Optimal Transport-Guided Source-Free Adaptation for Face Anti-Spoofing
Zhuowei Li, Tianchen Zhao, Xiang Xu, Zheng Zhang, Zhihua Li, Xuanbai Chen, Qin Zhang, Alessandro Bergamo, Anil K. Jain, Yifan Xing
TL;DR
This work tackles the practical challenge of customizing face anti-spoofing models for individual clients without sharing host parameters or source data. It introduces a prototype-based backbone with two test-time adaptation paths: a zero-parameter, training-free OT shift of prototypes and a lightweight training route augmented by geodesic mixup to synthesize distribution-wise data along the Wasserstein geodesic. Key contributions include the OT-guided adaptation framework, the geodesic mixup augmentation, and comprehensive experiments showing competitive DG performance and improved robustness under cross-domain and cross-attack settings.
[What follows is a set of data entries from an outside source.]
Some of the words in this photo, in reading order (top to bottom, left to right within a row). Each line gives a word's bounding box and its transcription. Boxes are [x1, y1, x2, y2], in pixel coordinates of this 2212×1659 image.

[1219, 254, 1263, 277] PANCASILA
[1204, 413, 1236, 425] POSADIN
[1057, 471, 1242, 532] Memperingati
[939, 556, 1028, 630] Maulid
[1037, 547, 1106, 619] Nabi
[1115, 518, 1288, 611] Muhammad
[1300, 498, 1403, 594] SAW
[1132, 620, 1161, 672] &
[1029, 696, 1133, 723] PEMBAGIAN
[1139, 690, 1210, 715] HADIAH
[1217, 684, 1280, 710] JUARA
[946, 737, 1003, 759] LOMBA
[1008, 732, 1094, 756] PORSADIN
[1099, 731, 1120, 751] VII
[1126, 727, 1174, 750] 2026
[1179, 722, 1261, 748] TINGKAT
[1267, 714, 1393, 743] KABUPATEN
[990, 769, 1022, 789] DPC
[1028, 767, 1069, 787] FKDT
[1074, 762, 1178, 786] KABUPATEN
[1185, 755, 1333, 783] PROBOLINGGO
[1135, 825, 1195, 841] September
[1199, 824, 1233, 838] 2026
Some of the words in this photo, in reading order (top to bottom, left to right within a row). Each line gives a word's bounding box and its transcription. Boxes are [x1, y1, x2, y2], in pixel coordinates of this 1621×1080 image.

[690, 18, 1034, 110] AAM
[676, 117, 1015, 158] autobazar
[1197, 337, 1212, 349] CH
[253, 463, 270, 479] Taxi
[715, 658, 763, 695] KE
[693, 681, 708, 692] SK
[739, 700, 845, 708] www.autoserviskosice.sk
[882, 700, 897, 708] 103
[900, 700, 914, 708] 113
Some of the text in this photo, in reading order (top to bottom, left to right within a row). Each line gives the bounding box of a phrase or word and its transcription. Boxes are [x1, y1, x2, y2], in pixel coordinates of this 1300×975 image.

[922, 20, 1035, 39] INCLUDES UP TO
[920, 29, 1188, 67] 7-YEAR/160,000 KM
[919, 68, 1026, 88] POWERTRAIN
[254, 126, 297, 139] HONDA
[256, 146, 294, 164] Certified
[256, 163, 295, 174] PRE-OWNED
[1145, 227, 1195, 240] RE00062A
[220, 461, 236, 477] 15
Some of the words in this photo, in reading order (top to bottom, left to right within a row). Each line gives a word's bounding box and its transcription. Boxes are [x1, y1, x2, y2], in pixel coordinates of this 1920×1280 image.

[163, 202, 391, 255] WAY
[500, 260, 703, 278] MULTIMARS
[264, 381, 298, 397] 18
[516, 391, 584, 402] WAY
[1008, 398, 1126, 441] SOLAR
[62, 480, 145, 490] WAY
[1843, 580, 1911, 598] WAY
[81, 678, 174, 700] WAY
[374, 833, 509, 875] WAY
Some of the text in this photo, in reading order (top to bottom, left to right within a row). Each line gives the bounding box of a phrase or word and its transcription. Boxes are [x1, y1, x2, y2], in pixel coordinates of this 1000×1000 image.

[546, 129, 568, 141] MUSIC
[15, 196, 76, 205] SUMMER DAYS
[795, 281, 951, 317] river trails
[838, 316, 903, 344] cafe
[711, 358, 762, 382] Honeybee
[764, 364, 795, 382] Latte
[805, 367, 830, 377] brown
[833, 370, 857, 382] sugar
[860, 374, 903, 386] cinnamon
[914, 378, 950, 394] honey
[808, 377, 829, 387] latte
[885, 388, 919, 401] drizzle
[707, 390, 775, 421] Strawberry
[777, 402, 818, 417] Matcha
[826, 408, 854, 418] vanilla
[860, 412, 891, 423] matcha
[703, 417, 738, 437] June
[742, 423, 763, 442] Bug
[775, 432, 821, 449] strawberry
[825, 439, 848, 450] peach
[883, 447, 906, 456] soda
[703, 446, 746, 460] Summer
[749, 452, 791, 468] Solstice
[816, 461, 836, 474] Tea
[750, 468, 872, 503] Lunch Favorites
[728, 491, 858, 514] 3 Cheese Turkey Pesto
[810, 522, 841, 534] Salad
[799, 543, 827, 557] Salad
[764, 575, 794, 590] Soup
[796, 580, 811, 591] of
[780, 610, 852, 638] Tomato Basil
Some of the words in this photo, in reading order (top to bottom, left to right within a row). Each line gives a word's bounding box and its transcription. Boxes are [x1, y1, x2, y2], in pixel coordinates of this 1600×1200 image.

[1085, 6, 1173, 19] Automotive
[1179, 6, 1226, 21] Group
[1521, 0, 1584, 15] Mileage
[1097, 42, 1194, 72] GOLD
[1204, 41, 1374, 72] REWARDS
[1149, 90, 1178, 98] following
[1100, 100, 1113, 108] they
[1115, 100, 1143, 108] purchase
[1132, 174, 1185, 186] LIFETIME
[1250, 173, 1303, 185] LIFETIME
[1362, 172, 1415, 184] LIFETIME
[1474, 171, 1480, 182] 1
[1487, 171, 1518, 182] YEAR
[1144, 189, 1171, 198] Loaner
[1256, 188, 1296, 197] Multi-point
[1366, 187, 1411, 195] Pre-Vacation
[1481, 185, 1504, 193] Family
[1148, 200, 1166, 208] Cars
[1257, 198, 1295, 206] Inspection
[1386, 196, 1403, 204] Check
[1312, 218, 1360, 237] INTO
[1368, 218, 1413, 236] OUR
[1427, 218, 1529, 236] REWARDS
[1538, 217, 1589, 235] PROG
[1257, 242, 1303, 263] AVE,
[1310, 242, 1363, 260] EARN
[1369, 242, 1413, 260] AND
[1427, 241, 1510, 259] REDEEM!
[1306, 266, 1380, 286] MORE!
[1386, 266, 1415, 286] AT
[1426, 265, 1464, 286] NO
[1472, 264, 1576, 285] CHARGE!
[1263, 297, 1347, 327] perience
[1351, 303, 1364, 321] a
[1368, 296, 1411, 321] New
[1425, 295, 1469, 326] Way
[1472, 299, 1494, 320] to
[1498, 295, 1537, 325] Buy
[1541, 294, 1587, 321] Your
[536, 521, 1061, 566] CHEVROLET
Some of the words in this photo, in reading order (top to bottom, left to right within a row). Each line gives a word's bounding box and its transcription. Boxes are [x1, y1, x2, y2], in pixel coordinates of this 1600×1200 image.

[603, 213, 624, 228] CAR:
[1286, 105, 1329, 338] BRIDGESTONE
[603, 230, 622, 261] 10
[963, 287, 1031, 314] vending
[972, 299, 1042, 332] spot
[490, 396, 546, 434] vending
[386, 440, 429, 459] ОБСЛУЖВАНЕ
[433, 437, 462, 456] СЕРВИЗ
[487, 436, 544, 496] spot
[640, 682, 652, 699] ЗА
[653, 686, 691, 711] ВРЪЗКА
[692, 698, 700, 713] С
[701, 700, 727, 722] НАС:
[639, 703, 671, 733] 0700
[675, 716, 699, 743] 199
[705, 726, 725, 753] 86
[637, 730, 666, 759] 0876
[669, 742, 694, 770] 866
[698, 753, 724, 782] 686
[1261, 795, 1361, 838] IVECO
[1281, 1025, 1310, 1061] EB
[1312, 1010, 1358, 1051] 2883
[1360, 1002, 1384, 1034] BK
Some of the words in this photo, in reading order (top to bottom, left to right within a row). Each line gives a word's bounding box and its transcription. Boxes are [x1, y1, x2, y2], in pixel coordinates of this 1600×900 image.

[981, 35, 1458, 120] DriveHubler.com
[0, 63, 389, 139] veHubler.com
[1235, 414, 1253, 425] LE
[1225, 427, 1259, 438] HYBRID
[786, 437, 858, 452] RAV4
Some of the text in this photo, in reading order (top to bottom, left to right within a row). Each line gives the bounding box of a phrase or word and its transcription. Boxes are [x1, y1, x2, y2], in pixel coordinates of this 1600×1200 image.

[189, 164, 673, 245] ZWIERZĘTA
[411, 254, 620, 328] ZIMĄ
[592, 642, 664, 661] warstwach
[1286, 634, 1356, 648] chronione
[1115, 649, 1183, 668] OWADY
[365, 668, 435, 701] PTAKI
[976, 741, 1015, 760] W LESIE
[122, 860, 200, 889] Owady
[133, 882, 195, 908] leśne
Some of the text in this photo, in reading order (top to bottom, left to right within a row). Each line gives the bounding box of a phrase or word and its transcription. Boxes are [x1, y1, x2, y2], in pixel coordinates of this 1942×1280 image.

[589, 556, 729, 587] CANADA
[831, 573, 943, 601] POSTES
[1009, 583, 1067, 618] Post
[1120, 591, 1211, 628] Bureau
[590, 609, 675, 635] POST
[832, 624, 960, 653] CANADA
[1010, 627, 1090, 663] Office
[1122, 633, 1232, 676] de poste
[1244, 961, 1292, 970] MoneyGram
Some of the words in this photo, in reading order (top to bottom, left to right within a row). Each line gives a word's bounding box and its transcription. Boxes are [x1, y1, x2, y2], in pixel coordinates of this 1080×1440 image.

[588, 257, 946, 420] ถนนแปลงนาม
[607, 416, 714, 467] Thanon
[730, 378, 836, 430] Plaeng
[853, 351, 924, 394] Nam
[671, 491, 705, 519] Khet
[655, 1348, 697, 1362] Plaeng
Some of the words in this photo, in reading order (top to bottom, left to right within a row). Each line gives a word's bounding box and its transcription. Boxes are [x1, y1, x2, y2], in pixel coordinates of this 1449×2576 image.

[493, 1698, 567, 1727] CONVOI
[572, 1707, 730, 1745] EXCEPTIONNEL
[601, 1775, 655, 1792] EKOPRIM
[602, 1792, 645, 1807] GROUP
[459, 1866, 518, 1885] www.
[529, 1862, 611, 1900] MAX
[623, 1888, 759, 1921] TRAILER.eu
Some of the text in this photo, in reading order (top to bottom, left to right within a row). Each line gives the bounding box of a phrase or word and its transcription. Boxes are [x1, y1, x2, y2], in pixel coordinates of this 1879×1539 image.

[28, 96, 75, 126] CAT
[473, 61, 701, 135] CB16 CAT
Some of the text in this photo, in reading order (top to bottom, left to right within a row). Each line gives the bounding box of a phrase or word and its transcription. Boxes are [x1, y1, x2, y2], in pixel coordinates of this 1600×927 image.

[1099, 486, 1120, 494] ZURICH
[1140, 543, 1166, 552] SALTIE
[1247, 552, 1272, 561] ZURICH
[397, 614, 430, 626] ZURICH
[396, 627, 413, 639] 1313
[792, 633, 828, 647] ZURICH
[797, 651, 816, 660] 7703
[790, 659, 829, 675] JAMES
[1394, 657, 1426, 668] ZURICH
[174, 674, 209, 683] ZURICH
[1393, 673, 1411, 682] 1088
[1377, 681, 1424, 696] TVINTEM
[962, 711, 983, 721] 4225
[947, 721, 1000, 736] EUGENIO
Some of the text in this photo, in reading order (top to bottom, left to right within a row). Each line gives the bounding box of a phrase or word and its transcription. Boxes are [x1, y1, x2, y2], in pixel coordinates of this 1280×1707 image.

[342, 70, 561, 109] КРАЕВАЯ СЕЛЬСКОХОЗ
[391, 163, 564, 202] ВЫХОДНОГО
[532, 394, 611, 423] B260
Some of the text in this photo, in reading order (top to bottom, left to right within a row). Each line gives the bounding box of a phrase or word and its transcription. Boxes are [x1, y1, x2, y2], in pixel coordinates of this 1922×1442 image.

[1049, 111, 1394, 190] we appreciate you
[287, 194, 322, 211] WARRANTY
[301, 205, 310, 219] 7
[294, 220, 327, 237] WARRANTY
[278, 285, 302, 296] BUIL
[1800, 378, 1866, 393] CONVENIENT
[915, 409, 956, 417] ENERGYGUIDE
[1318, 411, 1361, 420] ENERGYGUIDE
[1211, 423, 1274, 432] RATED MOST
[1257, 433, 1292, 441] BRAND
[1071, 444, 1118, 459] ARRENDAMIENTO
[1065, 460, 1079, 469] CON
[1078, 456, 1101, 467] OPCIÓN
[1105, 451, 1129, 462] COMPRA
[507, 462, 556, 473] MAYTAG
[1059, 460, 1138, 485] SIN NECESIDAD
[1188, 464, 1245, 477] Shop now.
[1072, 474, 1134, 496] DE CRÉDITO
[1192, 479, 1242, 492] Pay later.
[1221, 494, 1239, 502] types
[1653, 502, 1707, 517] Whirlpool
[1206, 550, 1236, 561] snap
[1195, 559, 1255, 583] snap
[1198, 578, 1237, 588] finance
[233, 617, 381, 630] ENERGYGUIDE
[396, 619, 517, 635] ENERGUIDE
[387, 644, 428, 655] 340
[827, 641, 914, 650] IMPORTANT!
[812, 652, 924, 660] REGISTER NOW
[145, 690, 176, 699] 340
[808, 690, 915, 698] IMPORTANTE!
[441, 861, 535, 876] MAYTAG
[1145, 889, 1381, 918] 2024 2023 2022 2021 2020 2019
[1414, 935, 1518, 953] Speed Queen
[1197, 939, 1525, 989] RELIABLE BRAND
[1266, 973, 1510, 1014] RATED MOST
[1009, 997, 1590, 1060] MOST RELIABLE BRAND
The approach enables privacy-preserving, fast, and scalable client-specific customization with minimal data and computation, making it practical for real-world deployment.
Abstract
Developing a face anti-spoofing model that meets the security requirements of clients worldwide is challenging due to the domain gap between training datasets and diverse end-user test data. Moreover, for security and privacy reasons, it is undesirable for clients to share a large amount of their face data with service providers. In this work, we introduce a novel method in which the face anti-spoofing model can be adapted by the client itself to a target domain at test time using only a small sample of data while keeping model parameters and training data inaccessible to the client. Specifically, we develop a prototype-based base model and an optimal transport-guided adaptor that enables adaptation in either a lightweight training or training-free fashion, without updating base model's parameters. Furthermore, we propose geodesic mixup, an optimal transport-based synthesis method that generates augmented training data along the geodesic path between source prototypes and target data distribution. This allows training a lightweight classifier to effectively adapt to target-specific characteristics while retaining essential knowledge learned from the source domain. In cross-domain and cross-attack settings, compared with recent methods, our method achieves average relative improvements of 19.17% in HTER and 8.58% in AUC, respectively.